While McGrath has stayed in the center, Booker and Broihier have jumped to the left. She backs Obamacare but doesn't support a single-payer health care system, while they call for Medicare for All. She supports income equality but doesn't go so far as Booker and Broihier, who both back a universal basic income.

"If we're not talking about empowering and elevating folks to address structural challenges for us to transform our future, we're missing the opportunity here, and we can't afford to do that," Booker argued.

The question is whether Kentuckians feel the same. The state is deeply red, as apparent by its overwhelming support for Trump in the 2016 election. And while Democrats celebrated winning the governor's mansion during the 2018 midterms, they lost every other constitutional office on the ballot to Republicans.

And as for McConnell, he may be one of the most disliked lawmakers in the state and the country, but it's never stopped him from winning six straight re-elections since entering Congress in 1984. In fact, in 2014 he won his race by a 15-point margin. McConnell is also at an advantage in 2020 because President Trump will be at the top of the ballot. Split-ticket voting is becoming rarer, so in a state where Trump won by 30 points, Republican candidates are likely to see a significant boost.

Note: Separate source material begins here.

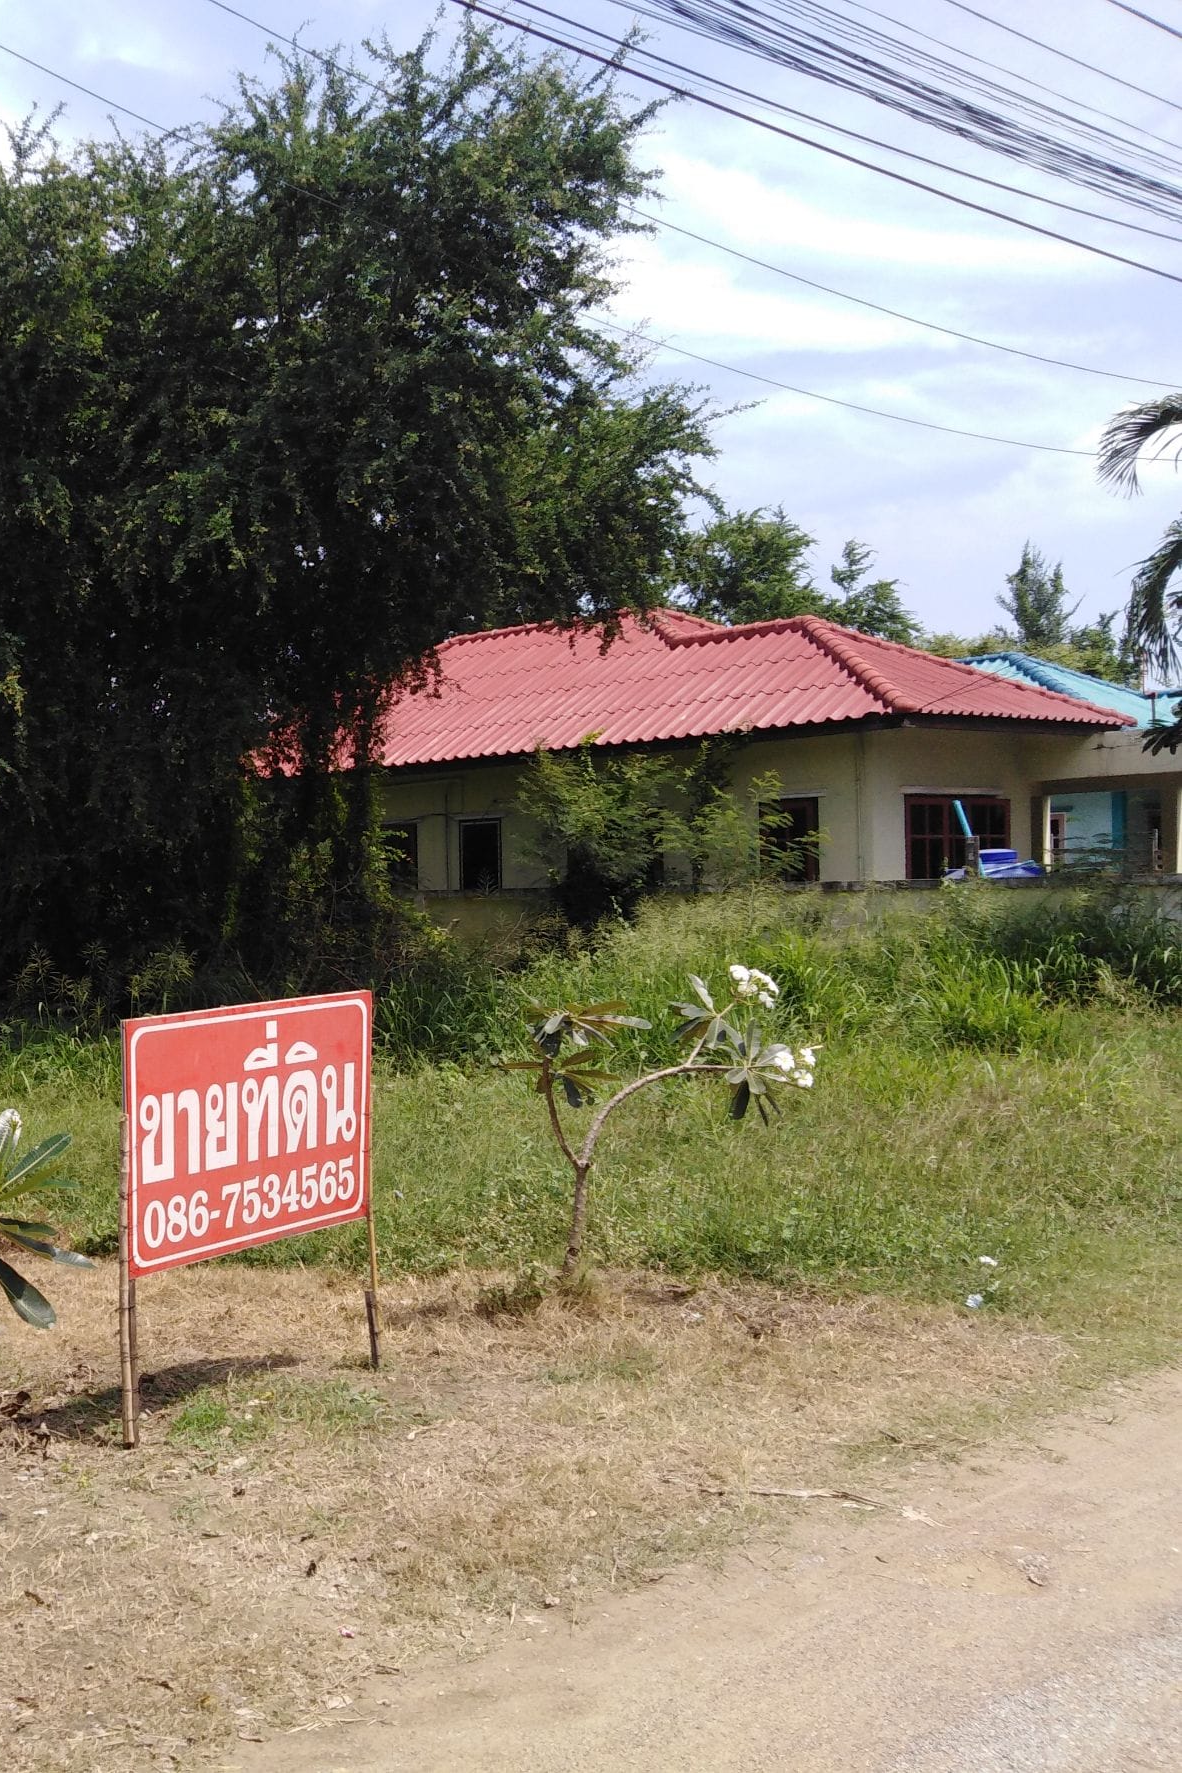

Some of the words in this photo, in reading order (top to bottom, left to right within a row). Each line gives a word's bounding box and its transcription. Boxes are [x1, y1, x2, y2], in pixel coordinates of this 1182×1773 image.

[139, 1020, 357, 1185] ขายที่ดิน
[143, 1154, 355, 1249] 086-7534565

mitch mcconnell democratic challengers KY senate race
Senate Majority Leader Mitch McConnell speaks to reporters on April 9 after leaving the Senate floor following a failed attempt to add an additional $250 billion to small-business relief funding. McConnell is facing a tough re-election campaign as a field of Democrats vie for the opportunity to take him on in November's election. Saul Loeb/AFP/Getty Images

But his rivals see a new opening because of the coronavirus pandemic. McConnell, as the top Republican on Capitol Hill, has been arguably the most visible lawmaker in the federal government's response to the global health crisis—and not always in a good way.

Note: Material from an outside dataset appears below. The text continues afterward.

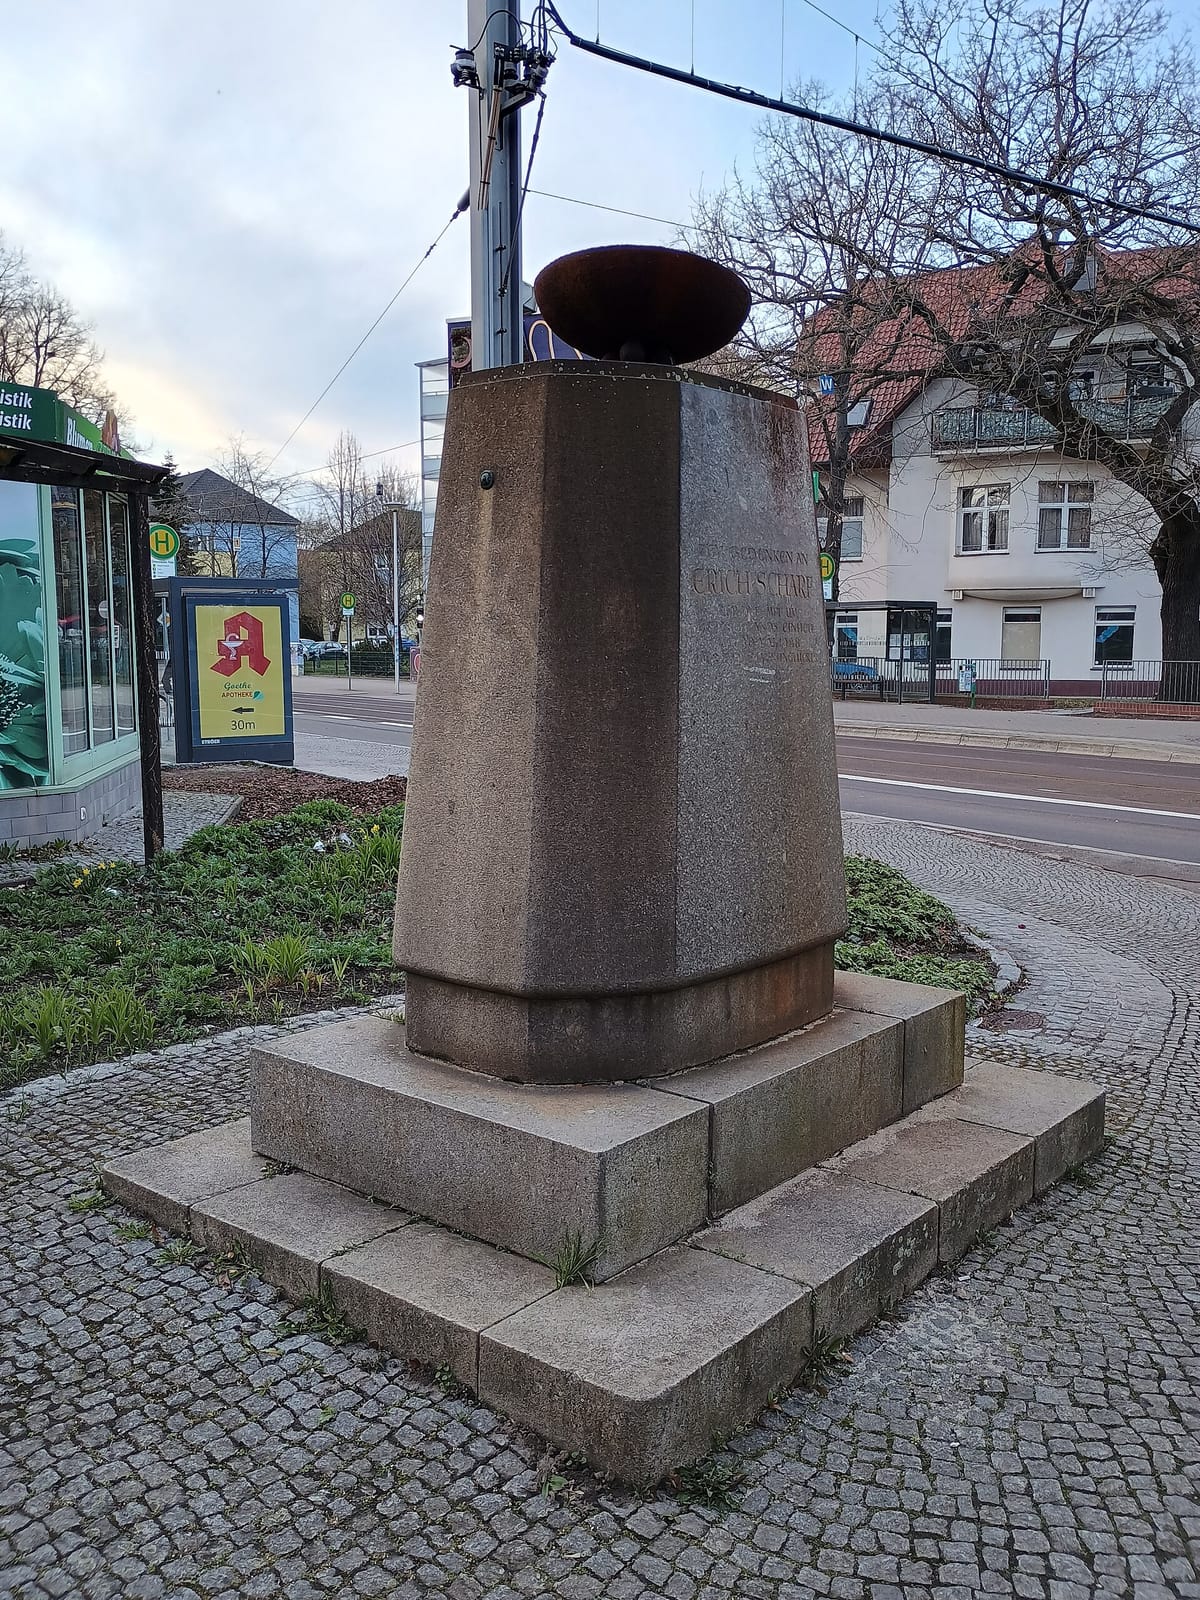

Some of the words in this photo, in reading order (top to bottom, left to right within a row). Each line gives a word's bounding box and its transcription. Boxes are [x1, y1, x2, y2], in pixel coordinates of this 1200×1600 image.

"I think leading is a misleading word," Broihier said. "I don't think there has been a lot of leading going on. Pushing it down the states to cause a dogfight between governors is...disgusting. It's a total abdication of leadership."

McConnell's recent suggestion that the federal government should let states go bankrupt rather than provide additional aid was not well received by Democrats or Republicans. New York Governor Andrew Cuomo called the suggestion "one of the really dumb ideas of all time." Maryland Governor Larry Hogan said that it was "the last thing we need" during the global health crisis. Kentucky Governor Andy Beshear said that he "strongly disagrees" with McConnell's comment and that bankruptcy would "be disastrous."

Predictably, both Booker and Broihier said they would have a completely different response to the pandemic. Booker's priorities would include providing monthly relief checks to every American, stopping rent and mortgage payments and making vote-by-mail measures universal. Broihier said if he were in McConnell's shoes one of the first things he would have done is motion for a vote for Trump to use the Defense Production Act.

"[McConnell's] response has really just been a continuation of the reality that he doesn't give a damn about us," Booker said. "He's made it clear and he doesn't hide it: He's going to look out to bail out big corporations, and he's going to look to break the backs of regular people. Because that's just been his model for success."